Además, la ley del sábado estará arraigada en el corazón ya que no sería verdaderamente observada si no encontrara una adhesión interna profunda y convencida. Esto depende del amor sincero que cada israelita debe sentir, mostrar y actuar hacia sus hermanos. De hecho, leemos de nuevo en el Deuteronomio: «Si hay entre ustedes un hombre necesitado entre sus hermanos en cualquiera de sus ciudades en la tierra que el Señor, su Dios, les da, no endurecerán su corazón ni cerrarán la mano a su hermano necesitado, sino que le abrirán la mano y le prestarán lo que necesite en su necesidad [...] Por esta misma razón, de hecho, el Señor, tu Dios, te bendecirá en todo tu trabajo y en todo lo que emprendas. Como nunca dejará de haber necesitados en la tierra, yo te ordeno: “Abrirás tu mano a tu hermano que sea pobre y necesitado en tu tierra”» (Dt 15:7-11). 
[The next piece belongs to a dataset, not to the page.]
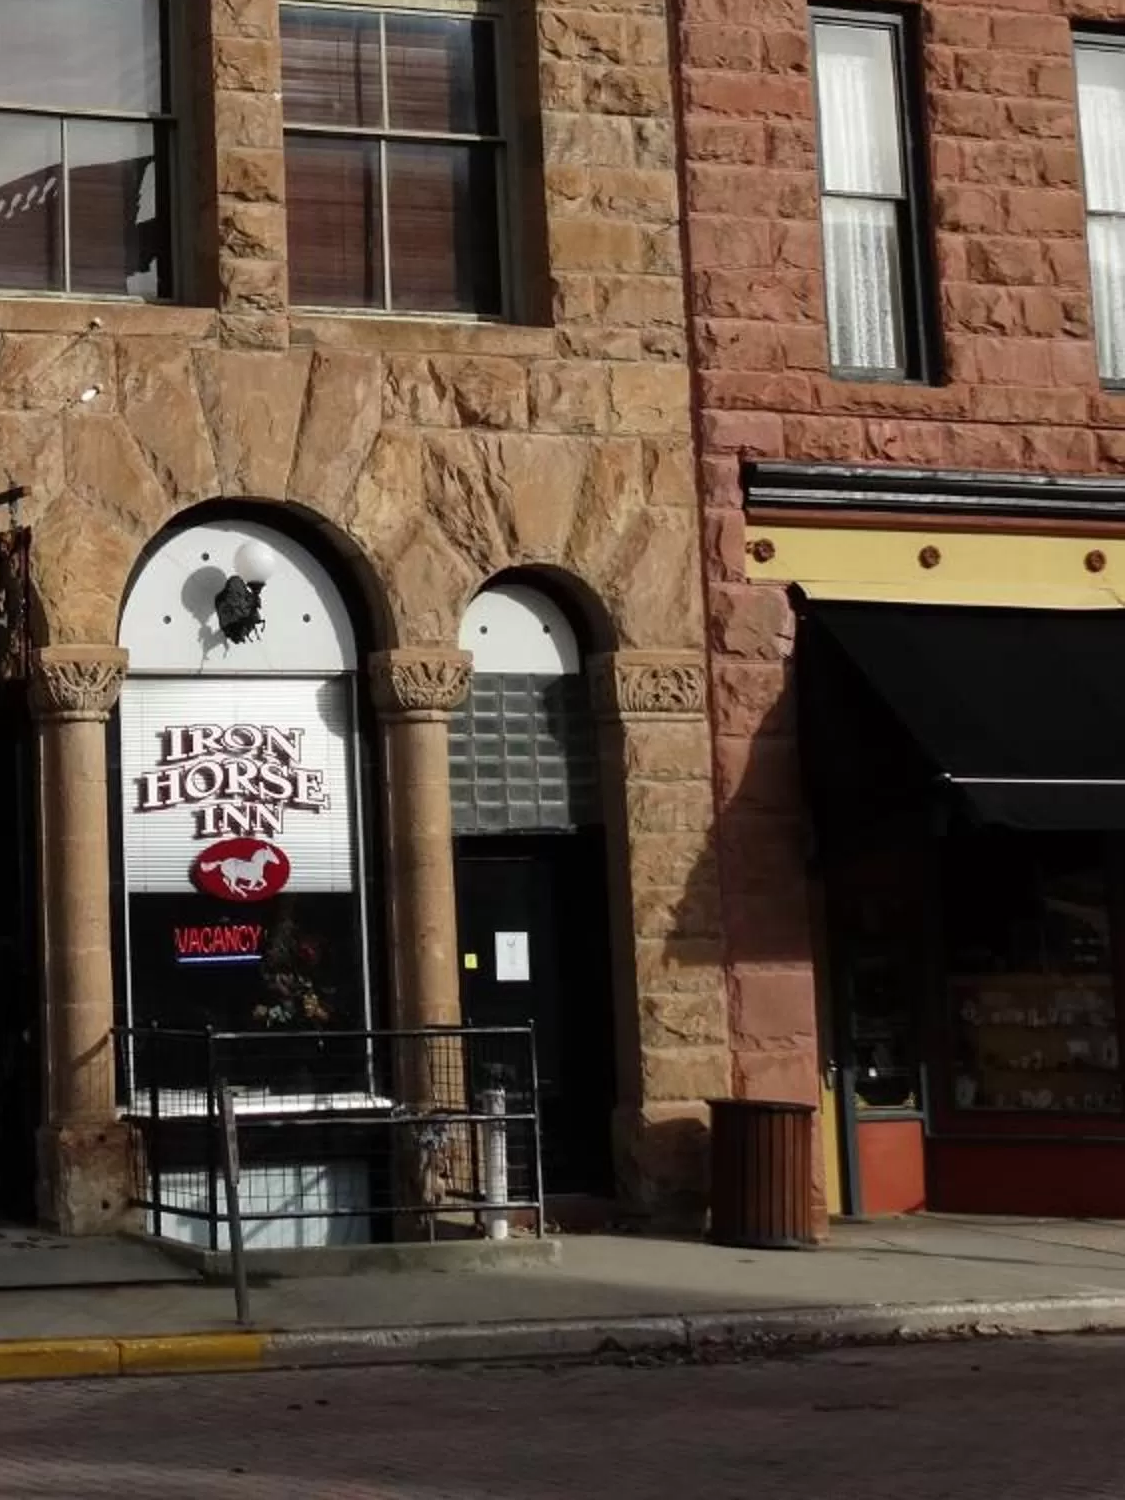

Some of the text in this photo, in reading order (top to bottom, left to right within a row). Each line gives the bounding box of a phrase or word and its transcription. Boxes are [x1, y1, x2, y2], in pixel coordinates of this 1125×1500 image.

Desgraciadamente, la corrupción moral puede vaciar esta ley –como muchas otras– de su significado y de su auténtica aspiración, reduciéndola a una mera práctica externa, a un ritualismo que no implica en absoluto amor, solidaridad, ternura hacia los más débiles y necesitados. La hipocresía de quienes actúan de este modo es denunciada fuertemente por Jesús en los relatos evangélicos. Uno de muchos es el de la mujer encorvada que llevaba dieciocho años observando el descanso sabático yendo a la sinagoga; Nadie jamás la había curado de su enfermedad pensando que este acto pudiera violar el descanso sabático. Jesús en cambio la cura y contradice también con duras palabras al jefe de la sinagoga: «El jefe de la sinagoga, indignado porque Jesús había hecho esta curación en sábado, tomó la palabra y dijo a la multitud: Hay seis días en los que se debe trabajar; Así que venid y sed sanados en esos días, y no en el día de reposo. El Señor le respondió: «¡Hipócritas! ¿Acaso cada uno de ustedes no desata su buey o su asno del pesebre en sábado y lo lleva a beber? ¿Y acaso esta hija de Abraham, a quien Satanás ha tenido cautiva durante dieciocho años, no debería ser liberada de esta atadura en sábado?» (Lucas 13, 14-16).